Plans for collection, laboratory evaluation, and storage of biological specimens for genetic or molecular analysis in this trial/future use {33}

Cord blood collection at birth is described in the RAPIDIRON Trial protocol paper [10]. Specific to this follow-up study, blood samples will additionally be collected from the maternal participant at four-, 12-, and 24-month (if applicable) study visits, and from the offspring via venipuncture at four months and heel stick at the 12-month study visit. Samples will be collected at the study hospital in the participant’s area (KLES Dr. Prabhakar Kore Charity Hospital and Medical Research Centre in Belagavi, S.N. Medical College in Bagalkot, and Raichur Institute of Medical Sciences in Raichur).

Samples will be collected by nurses at the study hospital in the respective research area—KLES Dr.
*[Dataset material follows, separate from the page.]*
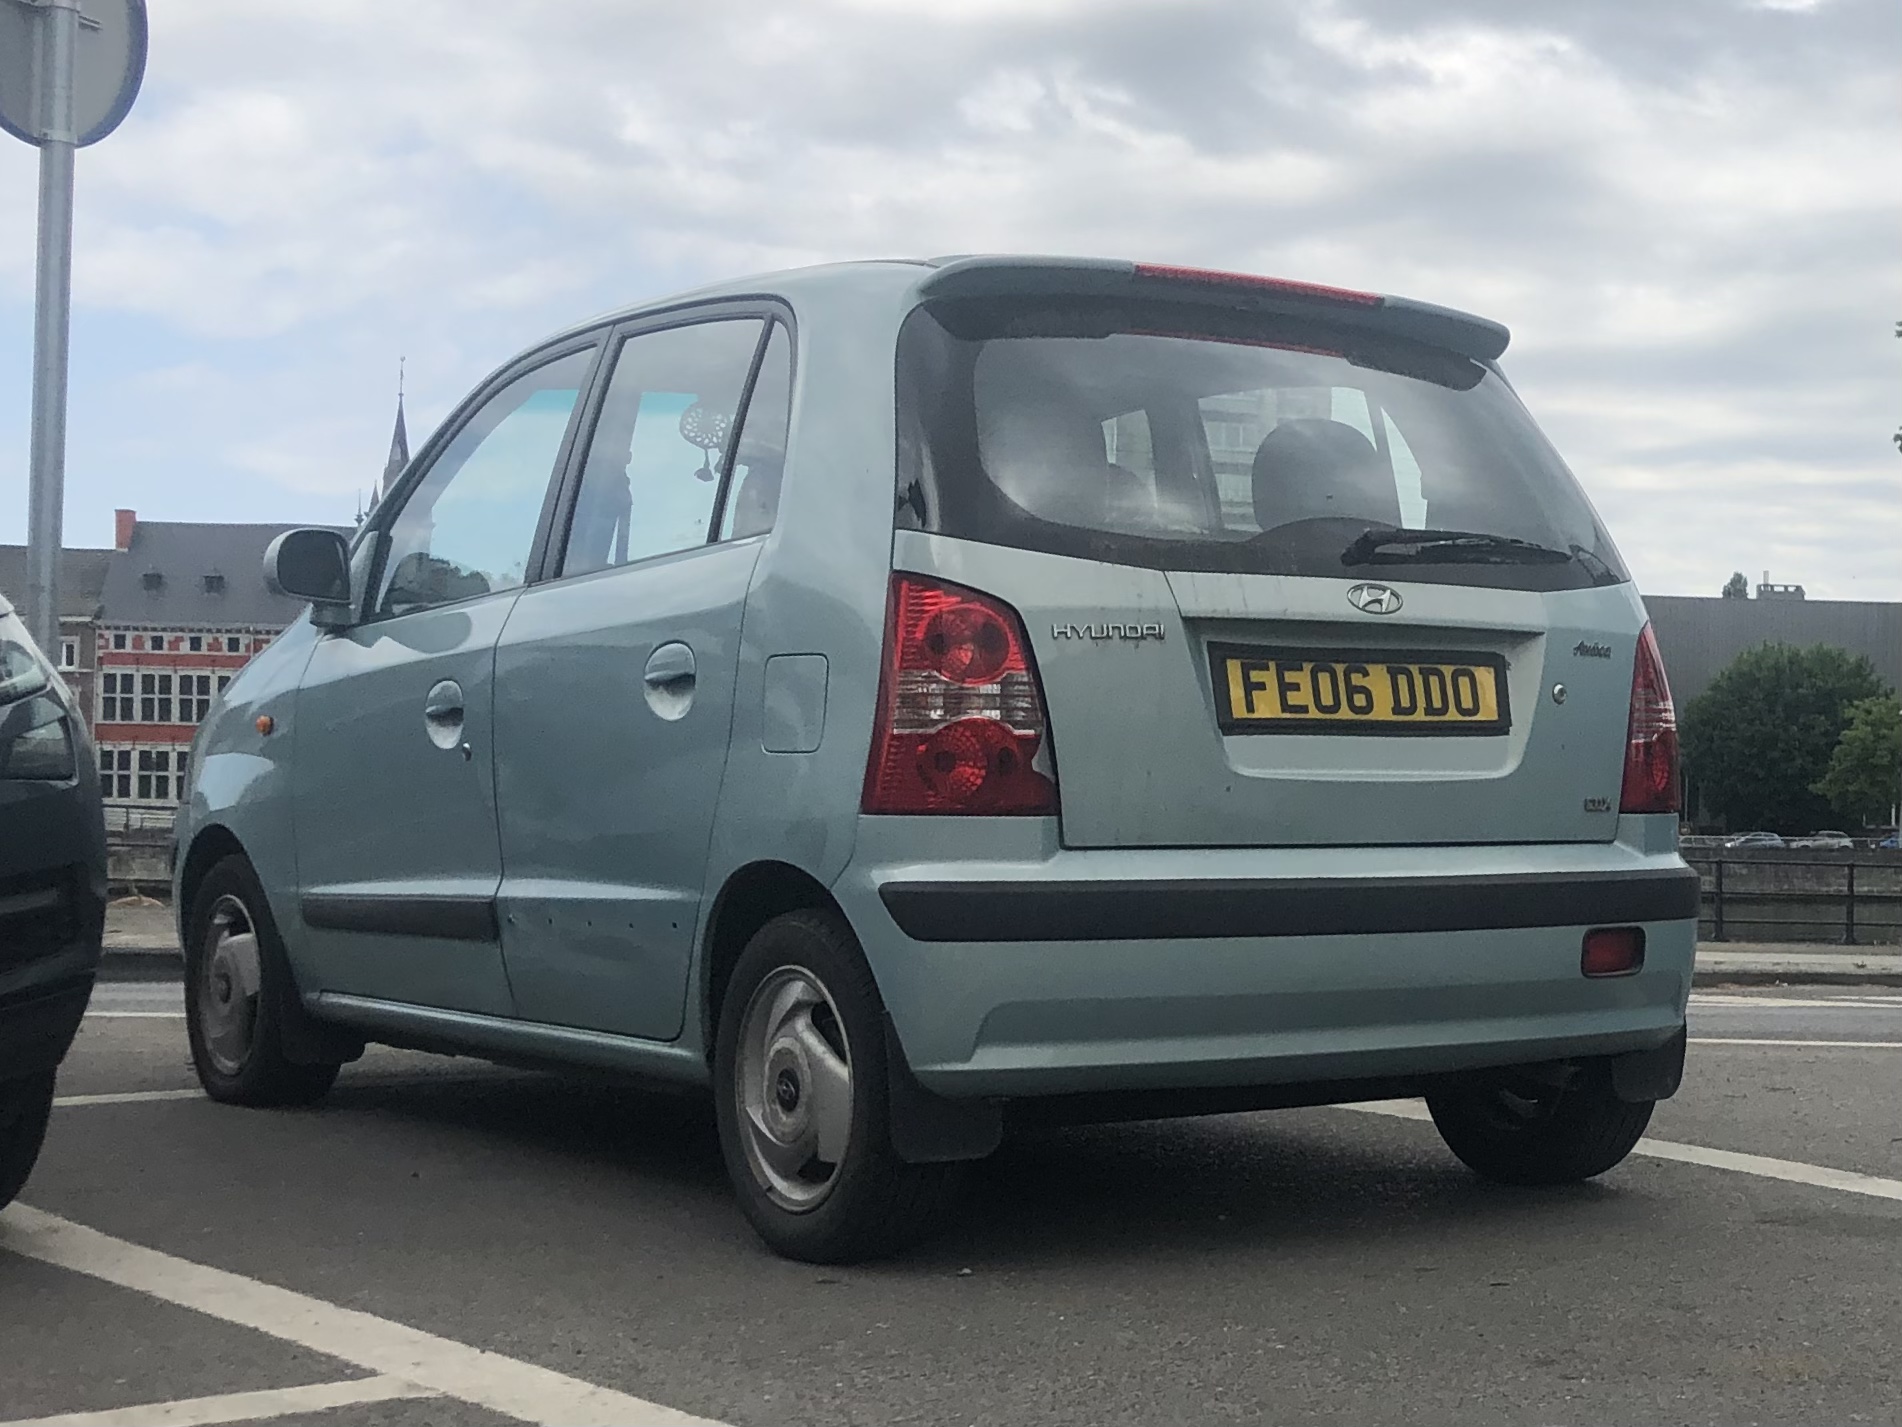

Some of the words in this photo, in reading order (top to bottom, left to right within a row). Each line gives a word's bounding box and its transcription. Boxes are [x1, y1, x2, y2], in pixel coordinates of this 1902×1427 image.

[1052, 623, 1165, 640] HYUNDAI
[1240, 661, 1374, 716] FE06
[1387, 666, 1480, 717] DDO
Prabhakar Kore Charity Hospital and Medical Research Centre in Belagavi, S.N. Medical College in Bagalkot, and Raichur Institute of Medical Sciences in Raichur. Samples will be stored upright at 2 to 8 degrees immediately after collection and will be transferred to the central lab — KLE Hi-Tech Clinical Lab in Belagavi — within six hours. While in transport, specimens will be stored in an insulated chiller box with ice packs and a thermometer used to record the temperature during transportation. Upon arrival at the central lab, staff will complete the Laboratory Requisition Form (LRF) for each specimen before processing.
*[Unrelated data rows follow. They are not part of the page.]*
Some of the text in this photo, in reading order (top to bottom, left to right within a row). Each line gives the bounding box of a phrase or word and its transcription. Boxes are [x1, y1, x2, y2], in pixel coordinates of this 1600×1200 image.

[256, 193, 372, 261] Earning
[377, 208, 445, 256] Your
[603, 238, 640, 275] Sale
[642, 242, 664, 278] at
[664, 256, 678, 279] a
The lab will employ daily controls to ensure quality control and validation of sample analysis — these processes are further outlined in the RAPIDIRON Trial protocol paper [10].

Statistical methods

Statistical methods for primary and secondary outcomes {20a}

Primary data analysis

Hemoglobin and log-transformed ferritin will be modeled separately using mixed effects linear regression. Both outcomes will be measured at birth and four months, and hemoglobin will also be measured at 12 months. The mixed effects models will treat time as a categorical value and include fixed effects for time, treatment, and time by treatment interaction. Correlation among repeated measurements for each subject will be modeled through structuring the variance–covariance matrix of the residuals. Including the time by treatment interaction will allow for the estimation of mean iron indices at each measurement time for each group. Within these models, the primary hypothesis tests will be performed by comparing the average across the two IV iron groups to the oral iron group with respect to the mean values at birth and at four months using a significance level of 0.025.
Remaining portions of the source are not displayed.